Ганс Йонас - ГНОСТИЦИЗМ. (ГНОСТИЧЕСКАЯ РЕЛИГИЯ)
После того, как Архиродитель увидел образ Пистис в воде, он опечалился... и устыдился своего проступка. И когда он признал, что бессмертный Человек Света существовал до него, он сильно взволновался от того, что сказал прежде всем богам: "Я есмь Бог, и нет Бога кроме меня", поскольку он испугался, что они могут открыть, что был один до него, и отречься от него. Но не обладая мудростью... он имел наглость сказать: "Если существует один до меня, он может и открыть себя!" Тотчас из высшей Огдоады изошел свет. Он прошел все небеса земли... и в нем показалась форма Человека... Когда Проноя (супруга Ялдаваофа) увидела этого ангела, она полюбила его; но он ненавидел ее, потому что она была Тьмой.

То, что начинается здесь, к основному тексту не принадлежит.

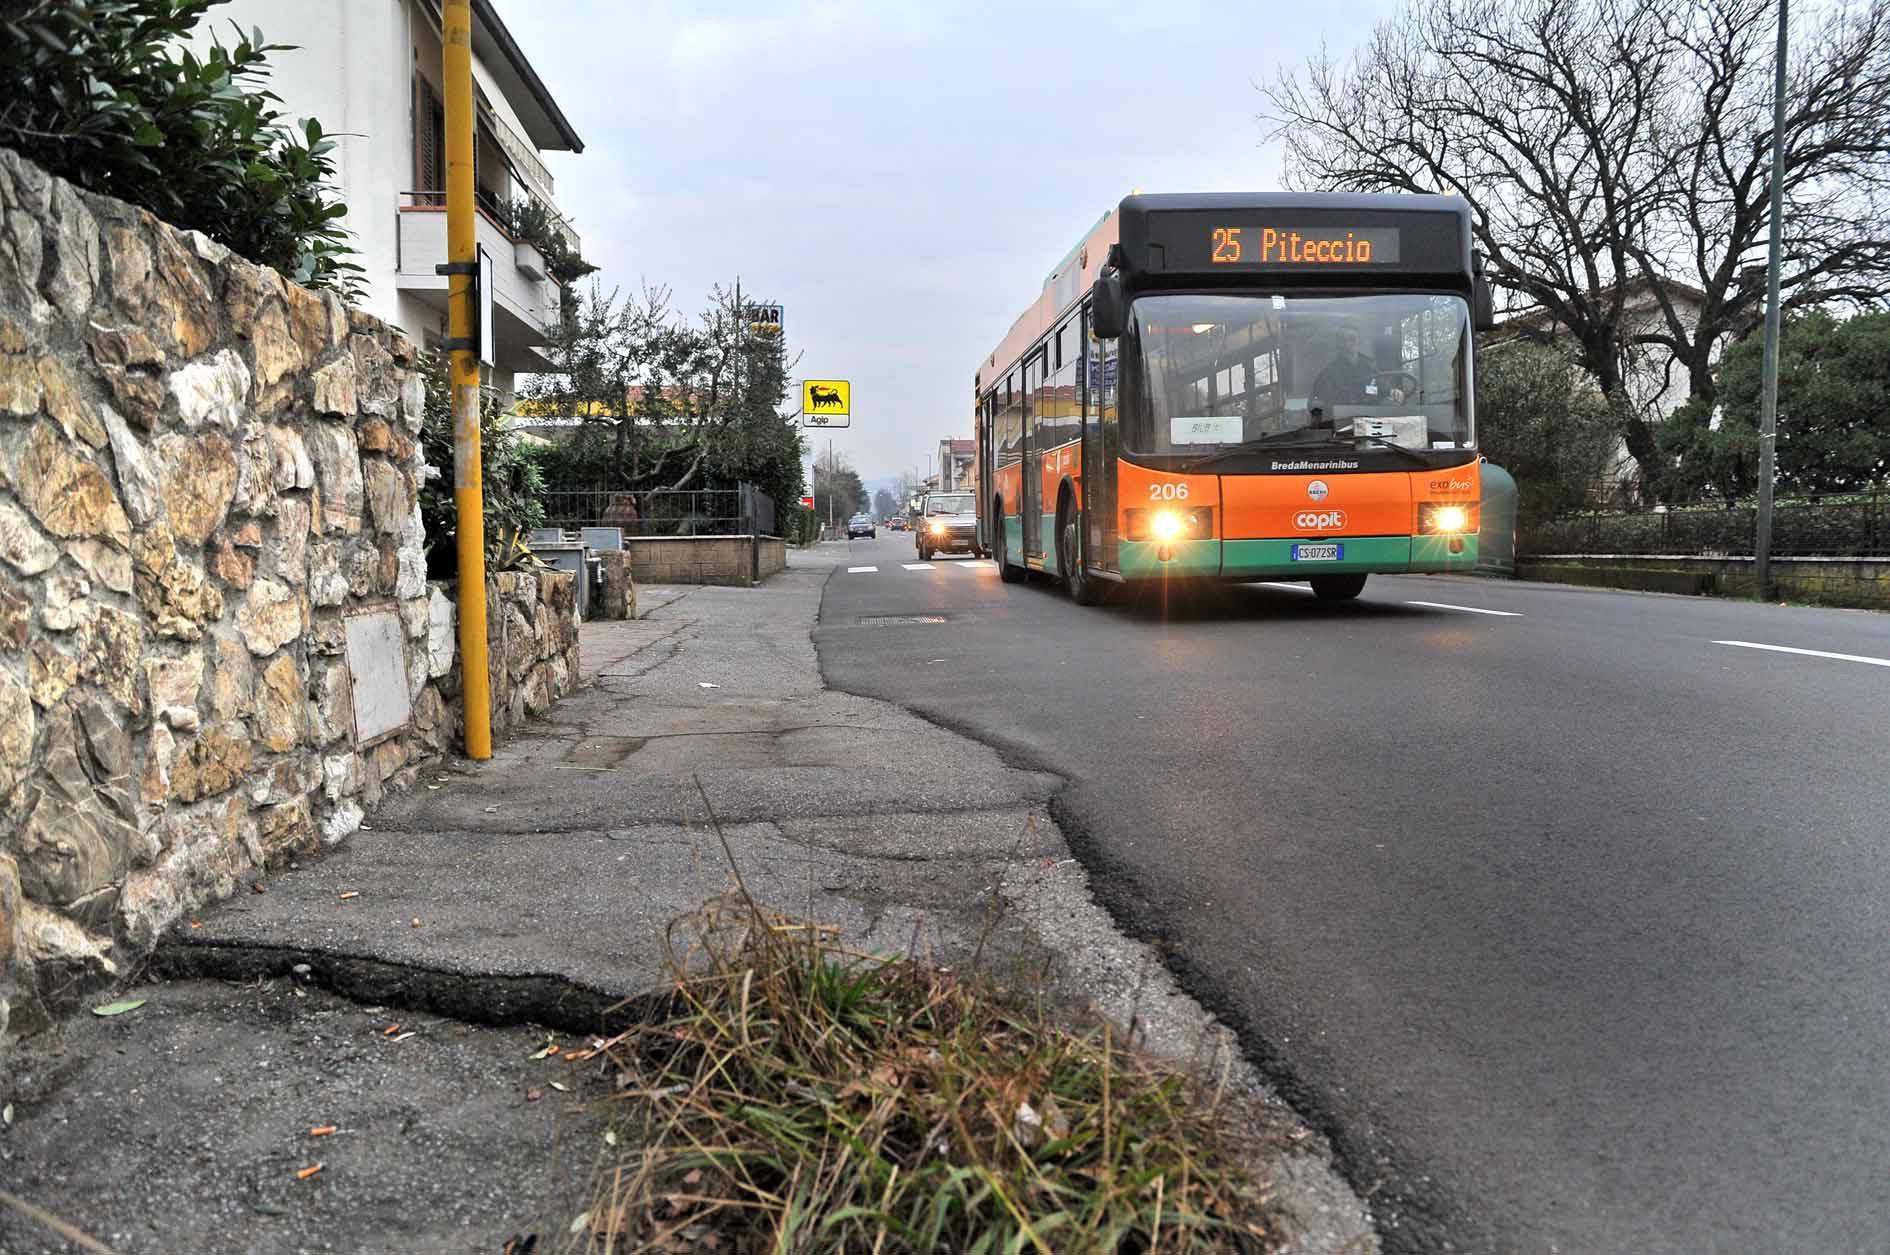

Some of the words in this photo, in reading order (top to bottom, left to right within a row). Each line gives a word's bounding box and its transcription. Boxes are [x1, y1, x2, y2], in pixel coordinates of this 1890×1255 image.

Она хотела объять его, но не смогла...
(155:17 -- 156:18).После того, как Саваоф, сын Ялдаваофа, услышал голос Пистис (в ее угрожающей Ялдаваофу речи), он восхвалил ее и отрекся от своего отца. Он восхвалял ее за мысль о бессмертном Человеке и его Свете. Пистис София... излила на него свет от своего света... и Саваоф получил великую власть над всеми силами Хаоса... Он возненавидел своего отца, Тьму, и свою мать, Глубину. Он почувствовал отвращение к своей сестре, Мысли Архиродителя, которая носилась взад и вперед над водами... Когда Саваоф как награду за свое раскаяние получил место отдыха (на седьмом небе), Пистис также дала ему свою дочь Зоэ (Жизнь)... для того, чтобы она научила его всем (Эонам), что существуют в Огдоаде.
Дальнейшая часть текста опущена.